• Task item
The required output is a verbatim transcription of the listing, pictures excluded.

^^^^^^^^

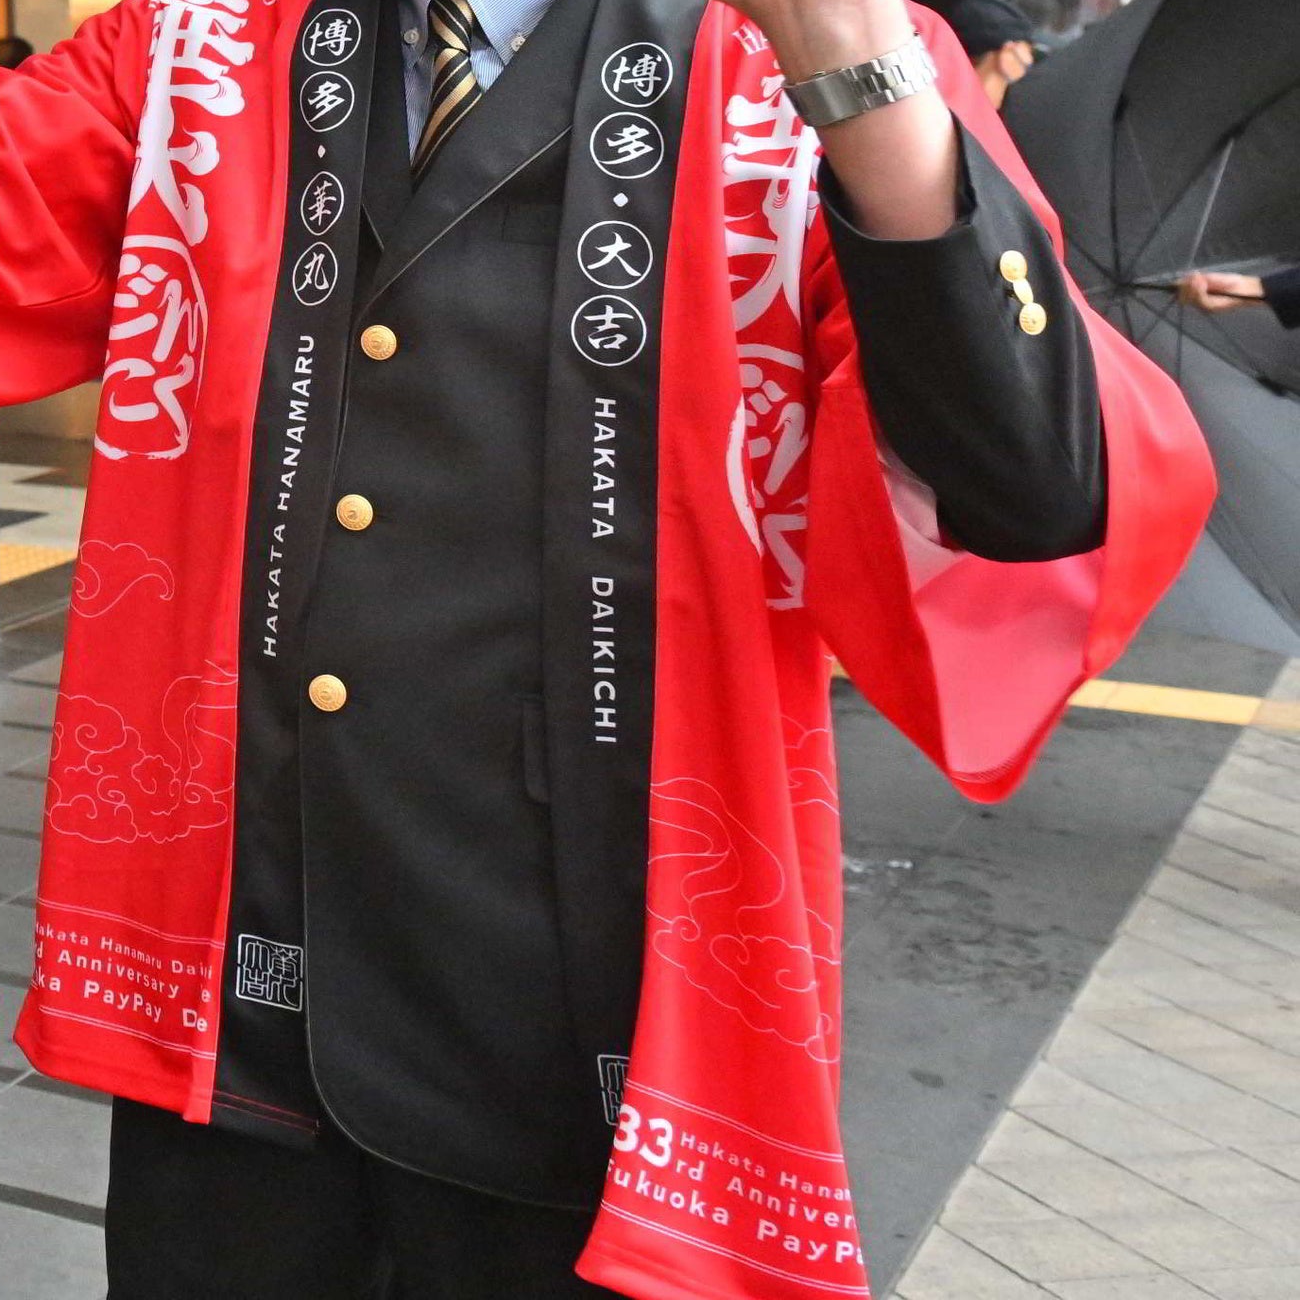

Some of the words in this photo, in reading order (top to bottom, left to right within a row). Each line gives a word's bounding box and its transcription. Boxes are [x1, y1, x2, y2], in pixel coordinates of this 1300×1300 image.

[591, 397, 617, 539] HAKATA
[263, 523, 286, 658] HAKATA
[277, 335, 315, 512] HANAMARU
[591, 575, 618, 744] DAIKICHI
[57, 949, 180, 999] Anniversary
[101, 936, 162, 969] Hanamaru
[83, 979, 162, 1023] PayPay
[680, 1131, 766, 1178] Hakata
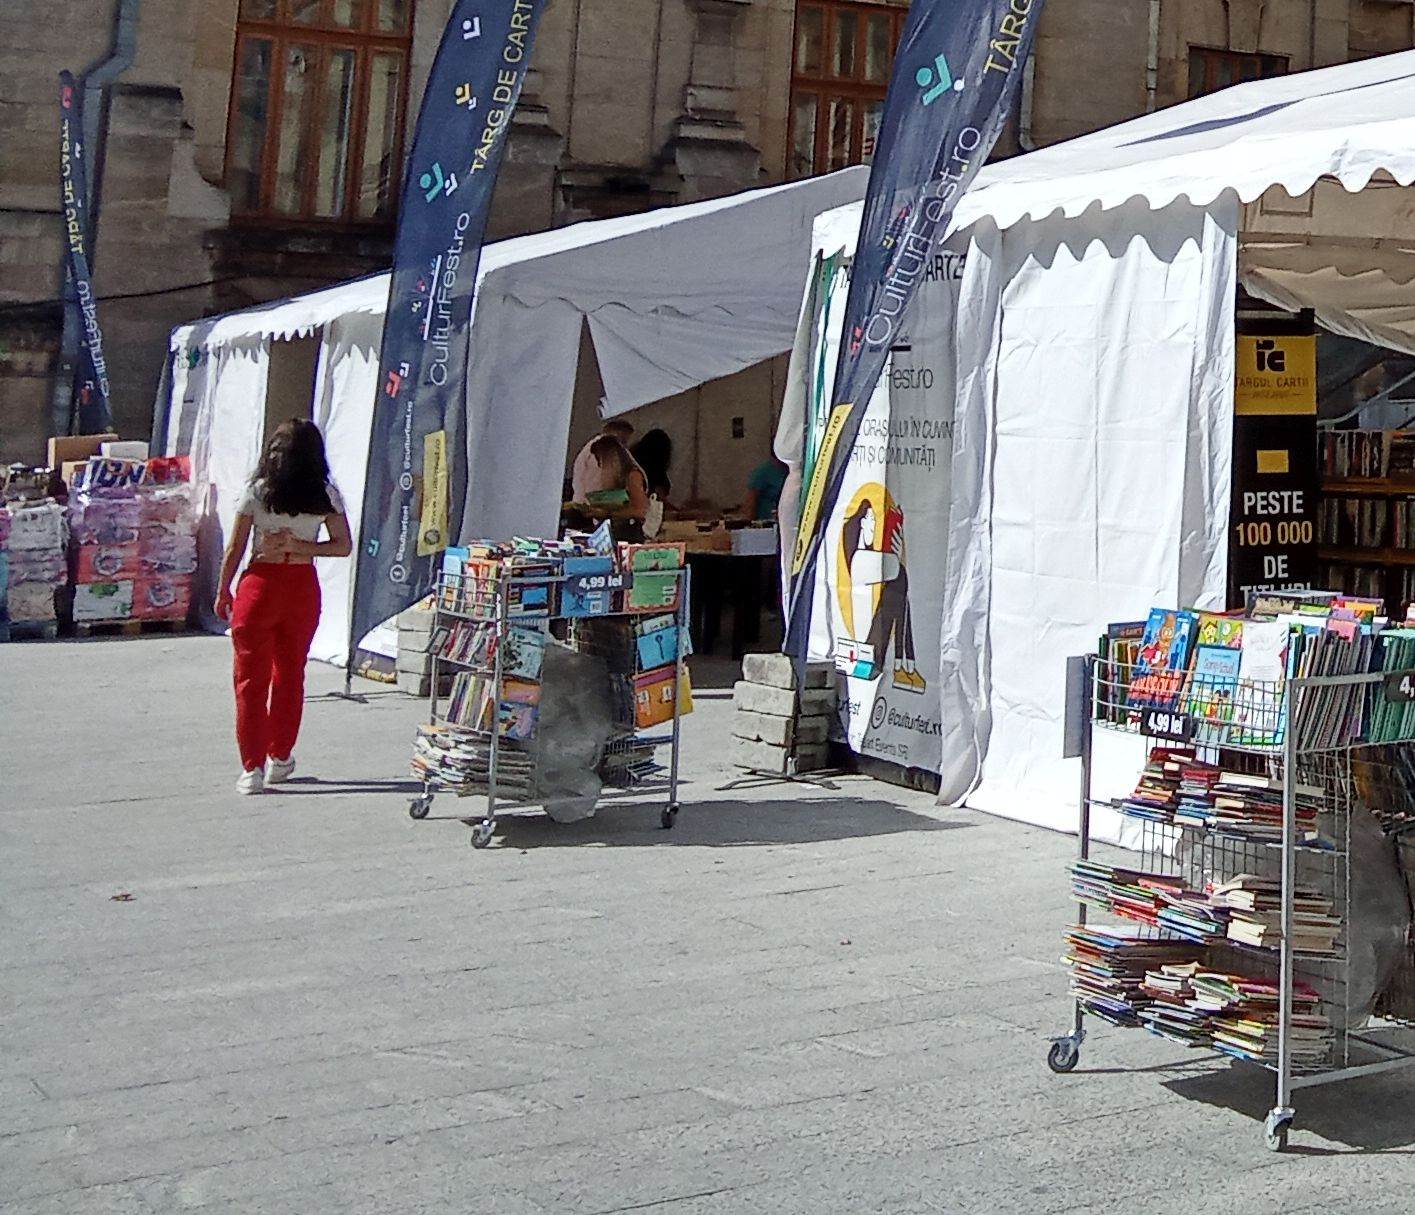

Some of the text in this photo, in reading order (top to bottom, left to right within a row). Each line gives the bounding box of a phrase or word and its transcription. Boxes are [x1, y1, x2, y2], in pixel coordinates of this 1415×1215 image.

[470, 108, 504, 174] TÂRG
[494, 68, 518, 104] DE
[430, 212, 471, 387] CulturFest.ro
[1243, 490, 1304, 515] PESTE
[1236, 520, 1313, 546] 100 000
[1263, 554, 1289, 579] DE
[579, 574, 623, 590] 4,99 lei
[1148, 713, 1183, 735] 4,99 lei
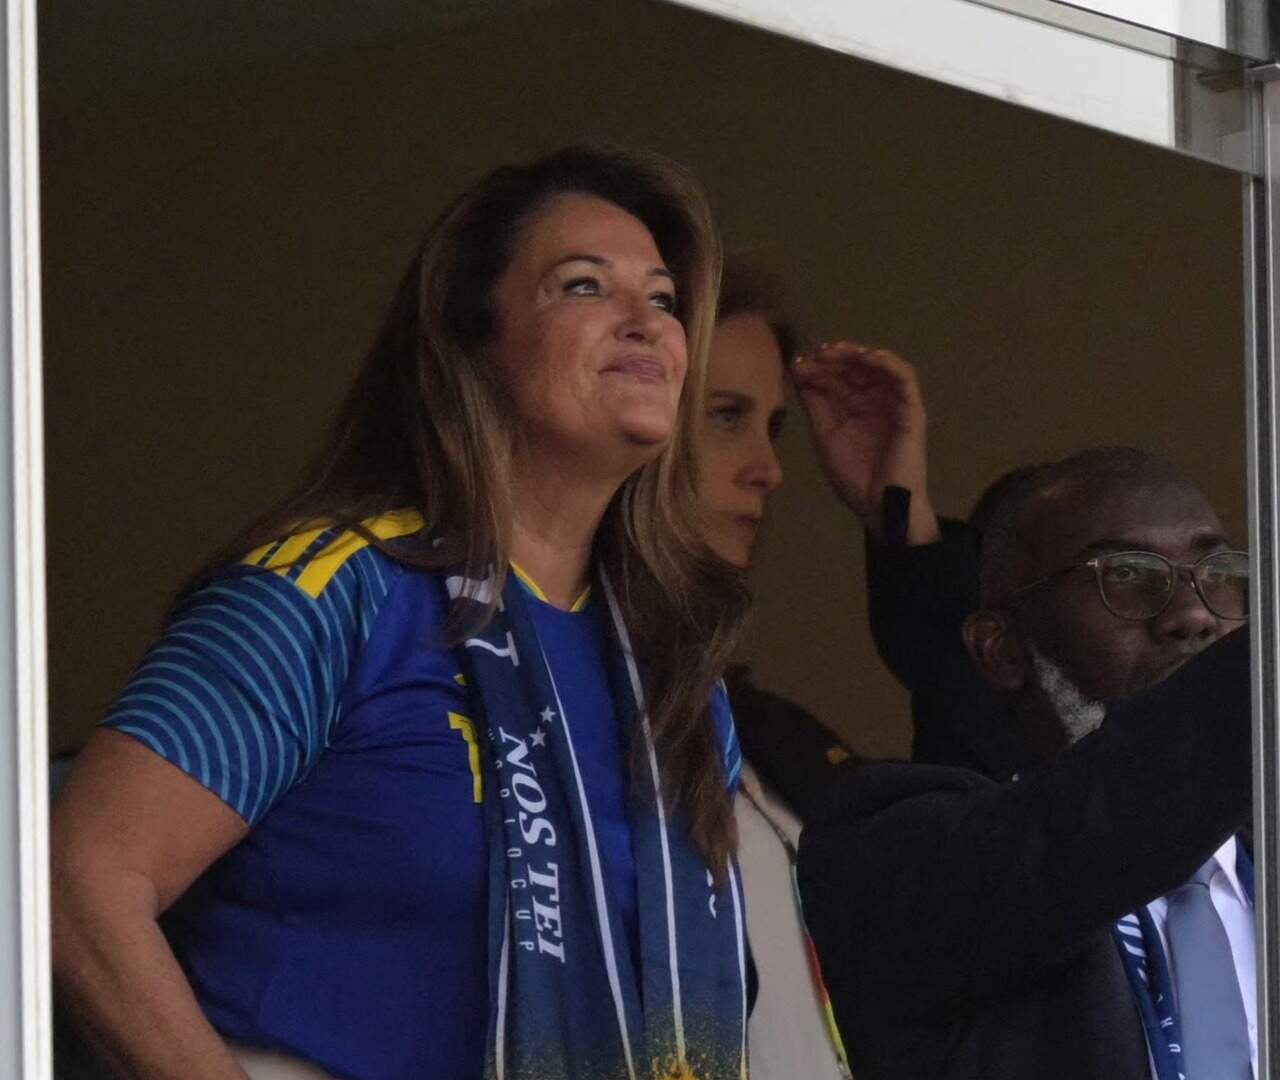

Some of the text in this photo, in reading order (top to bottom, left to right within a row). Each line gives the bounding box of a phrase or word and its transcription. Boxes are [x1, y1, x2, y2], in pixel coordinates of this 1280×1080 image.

^^^^^^^^

• Task solution
Some of the words in this photo, in reading order (top to bottom, left to right within a row). Each line gives a word's bounding box and its transcription. Boxes are [x1, y1, x2, y2], in pixel coordinates of this 1300×1300 image.

[591, 397, 617, 539] HAKATA
[263, 523, 286, 658] HAKATA
[277, 335, 315, 512] HANAMARU
[591, 575, 618, 744] DAIKICHI
[57, 949, 180, 999] Anniversary
[101, 936, 162, 969] Hanamaru
[83, 979, 162, 1023] PayPay
[680, 1131, 766, 1178] Hakata

Some of the text in this photo, in reading order (top to bottom, left to right within a row). Each line gives the bounding box of a phrase or word and its transcription. Boxes are [x1, y1, x2, y2], in pixel coordinates of this 1415×1215 image.

[470, 108, 504, 174] TÂRG
[494, 68, 518, 104] DE
[430, 212, 471, 387] CulturFest.ro
[1243, 490, 1304, 515] PESTE
[1236, 520, 1313, 546] 100 000
[1263, 554, 1289, 579] DE
[579, 574, 623, 590] 4,99 lei
[1148, 713, 1183, 735] 4,99 lei

Some of the text in this photo, in reading order (top to bottom, left to right within a row). Each line gives the bounding box of a phrase or word and its transcription. Boxes are [x1, y1, x2, y2], in pixel coordinates of this 1280×1080 image.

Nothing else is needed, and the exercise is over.